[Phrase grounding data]
----------
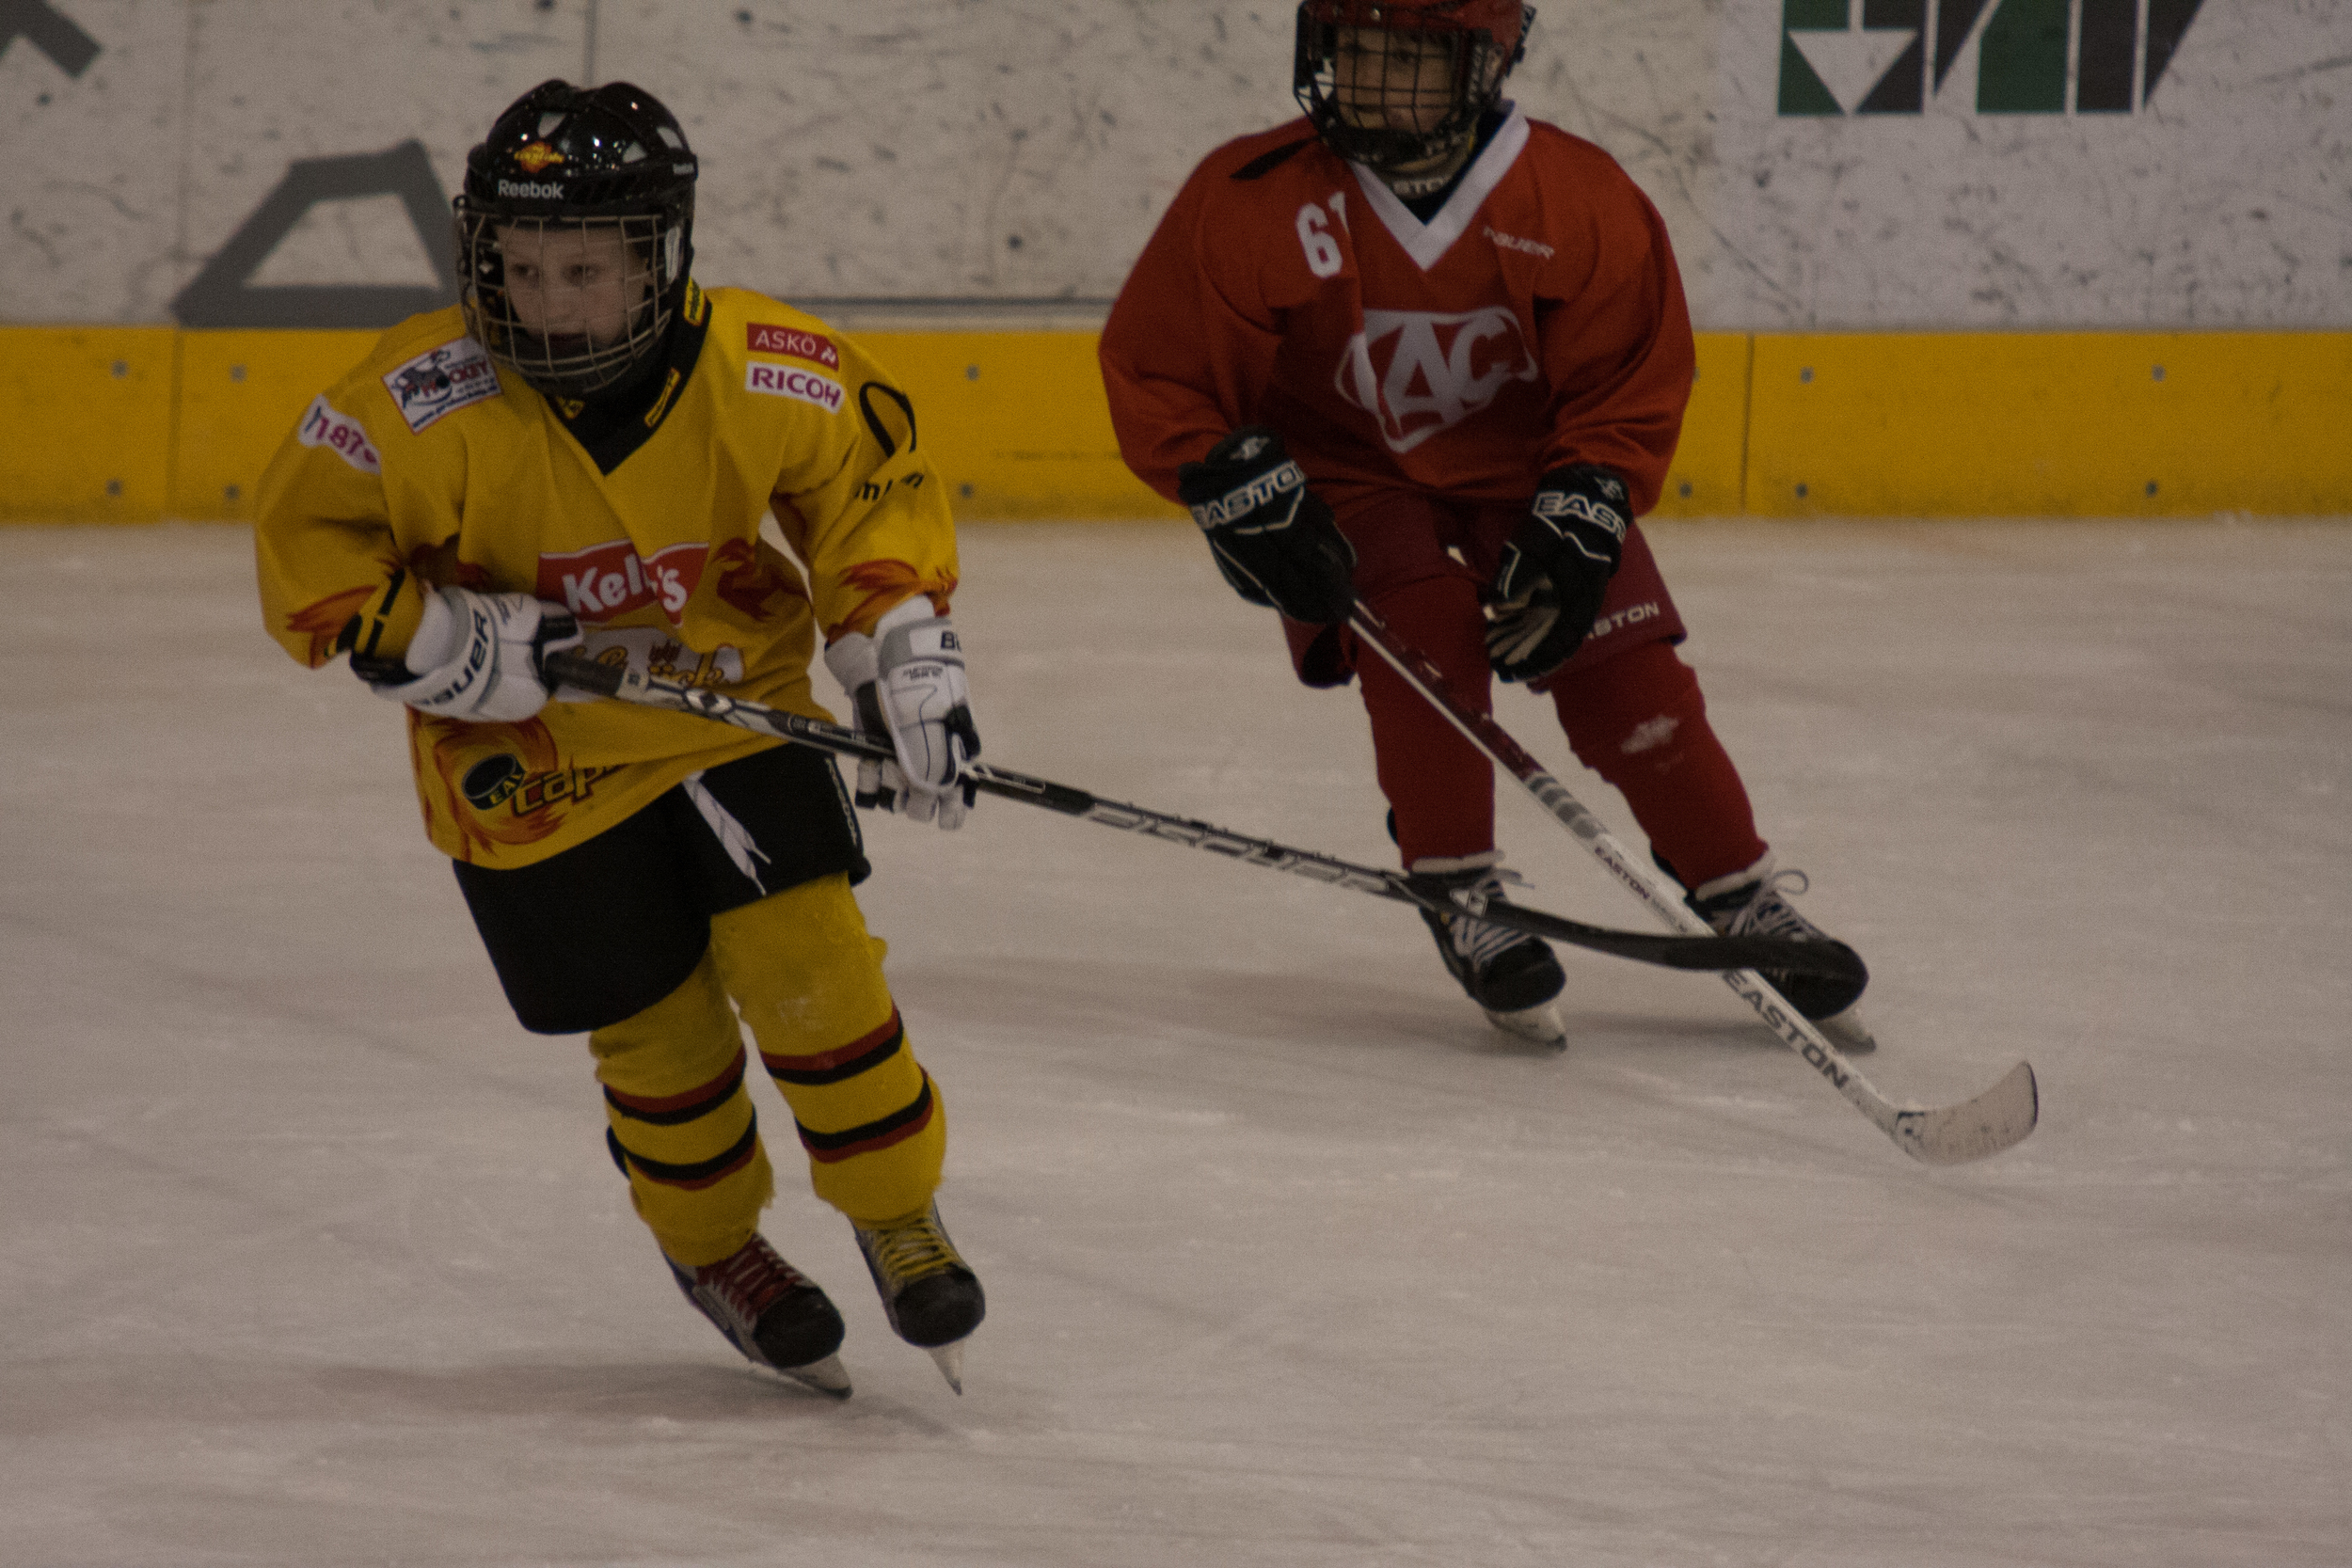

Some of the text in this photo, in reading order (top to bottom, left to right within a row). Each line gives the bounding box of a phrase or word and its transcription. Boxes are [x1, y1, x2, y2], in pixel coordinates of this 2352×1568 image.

[498, 178, 564, 199] Reebok
[755, 329, 816, 356] ASKÖ
[752, 367, 840, 407] RICOH
[1722, 970, 1849, 1089] EASTON
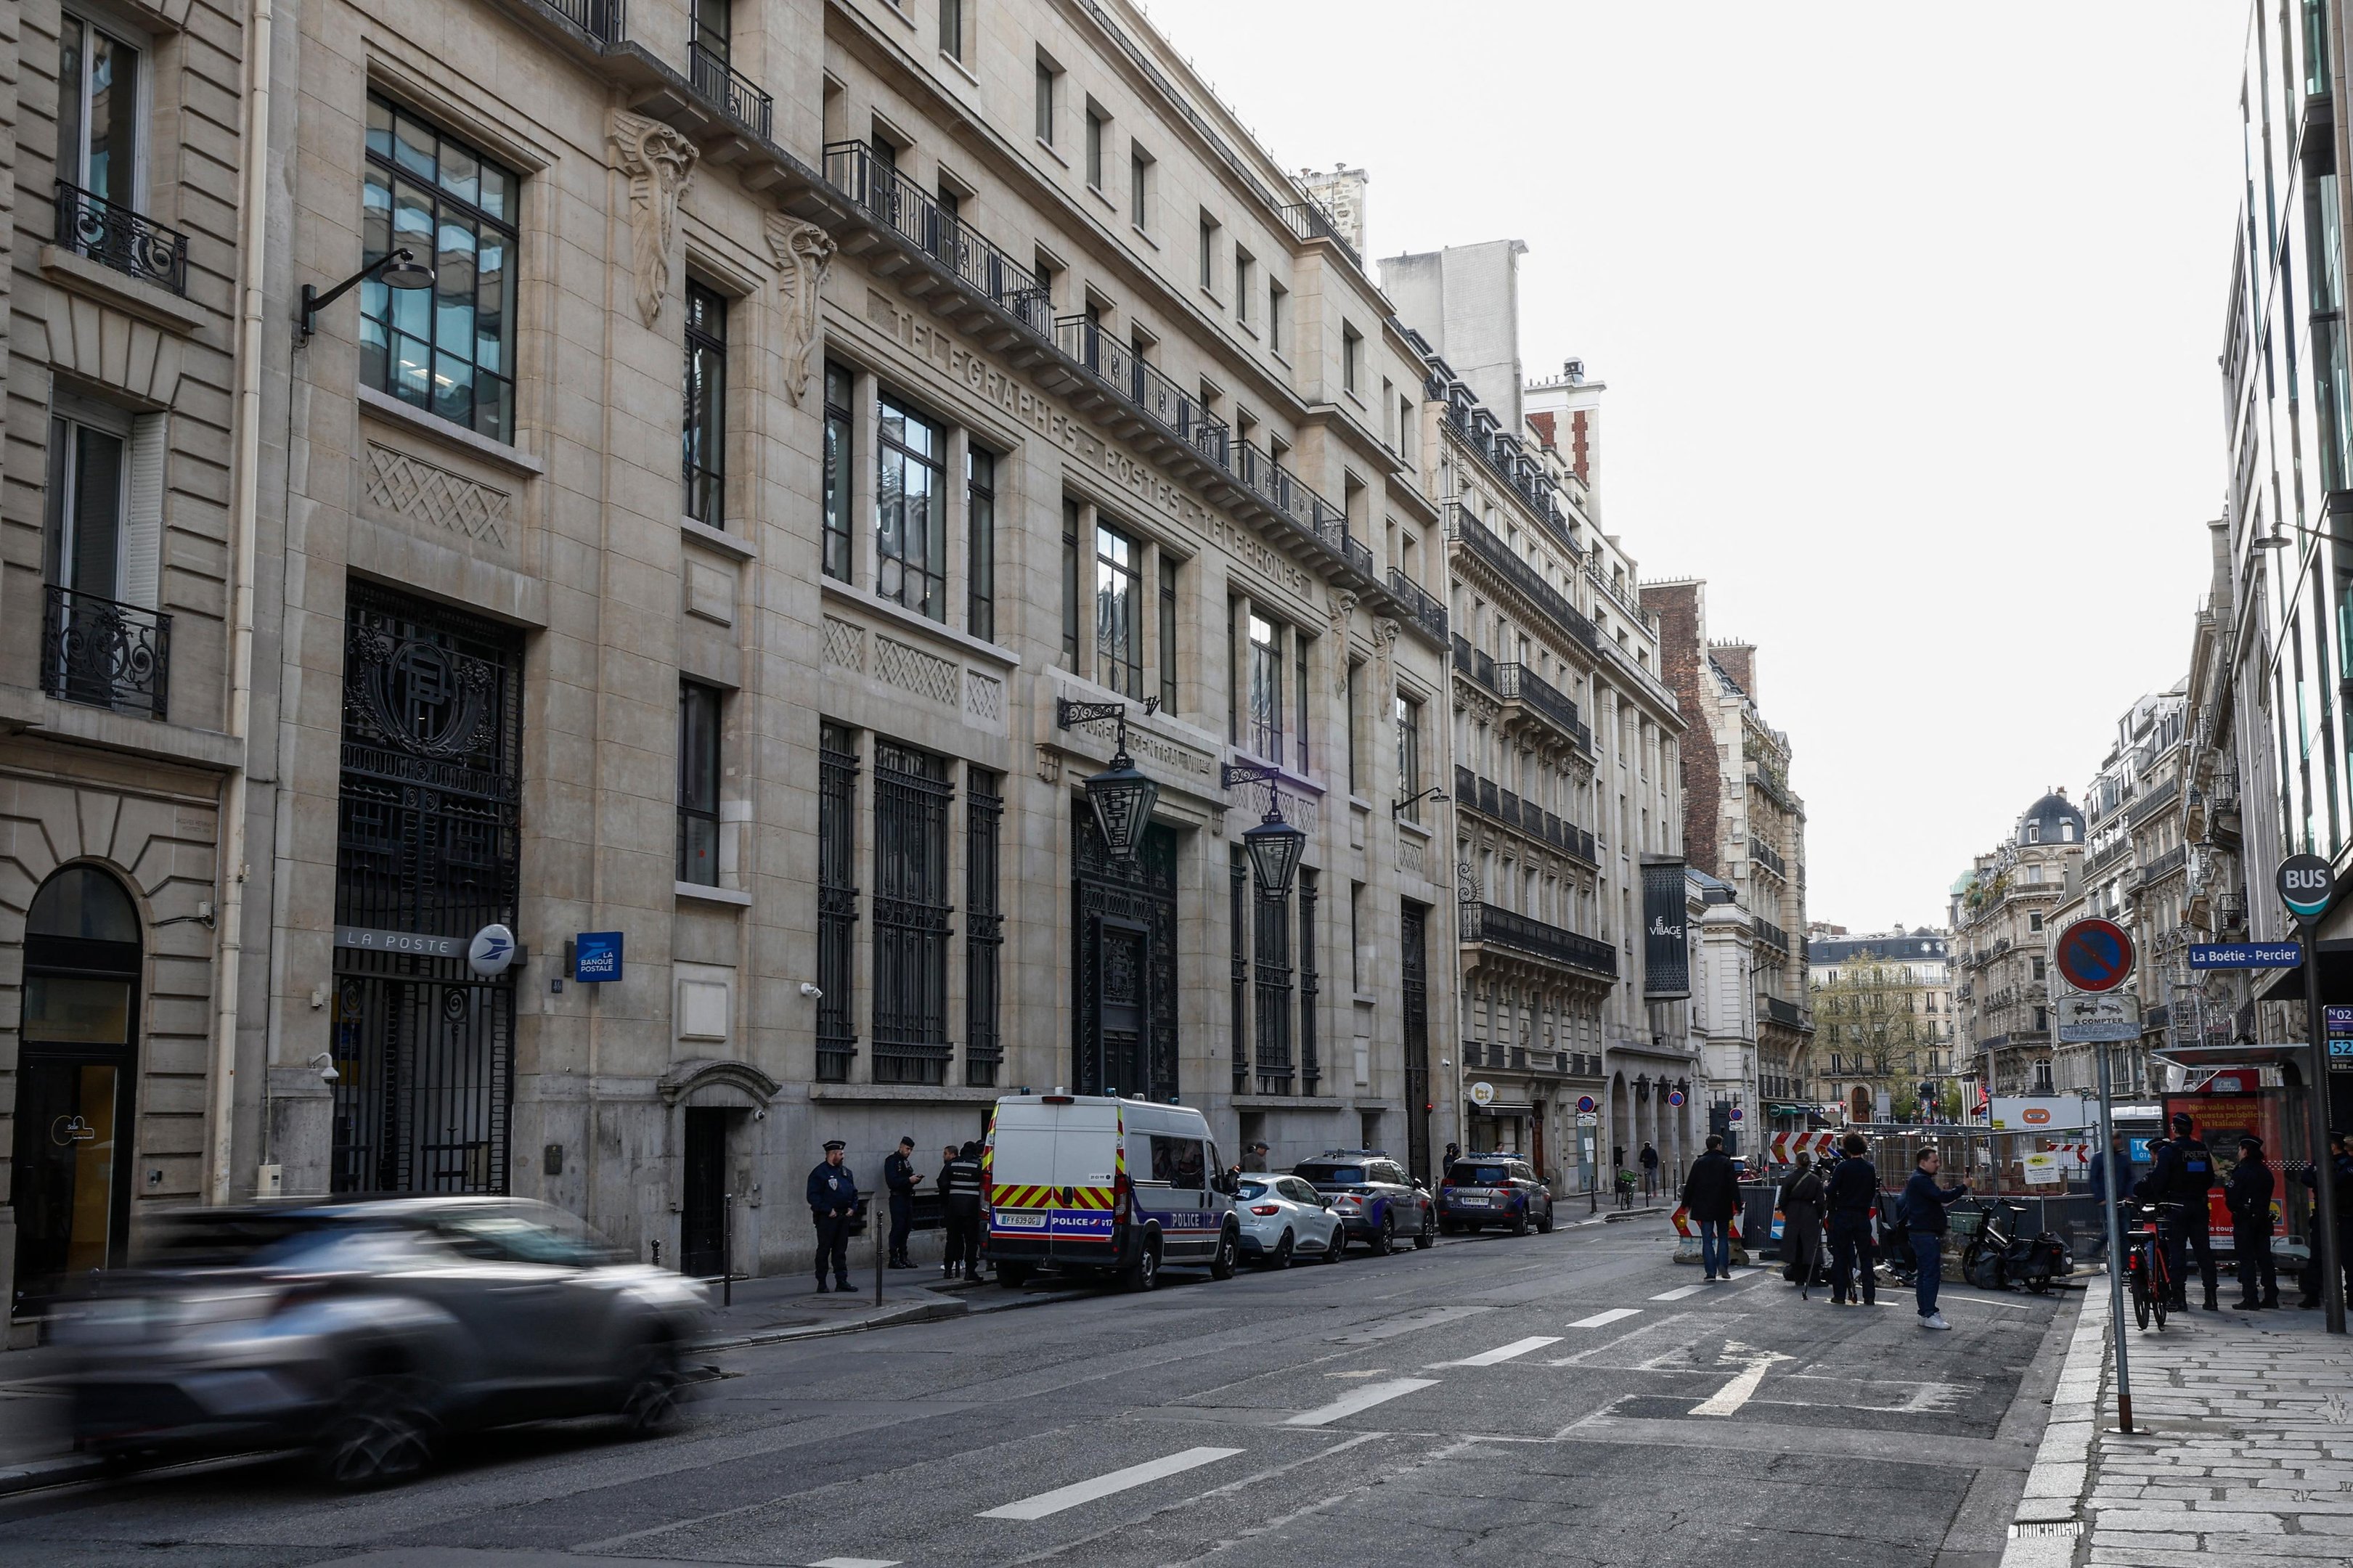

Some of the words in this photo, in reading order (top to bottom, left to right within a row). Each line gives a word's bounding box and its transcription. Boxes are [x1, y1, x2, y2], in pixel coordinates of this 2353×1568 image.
----------
Instructions for the task
Without the pictures, give every line of the data again, exactly as written.

Exercise result
Some of the text in this photo, in reading order (top to bottom, left to right within a row). Each line gives the bounding box of a phrase or word and its transcription. Boxes are [x1, y1, x2, y2], in pixel coordinates of this 2352×1568 image.

[498, 178, 564, 199] Reebok
[755, 329, 816, 356] ASKÖ
[752, 367, 840, 407] RICOH
[1722, 970, 1849, 1089] EASTON

Some of the words in this photo, in reading order (top to bottom, left to right within a row). Each line gives a word's bounding box and its transcription. Boxes are [x1, y1, x2, y2], in pixel coordinates of this 2353×1568 image.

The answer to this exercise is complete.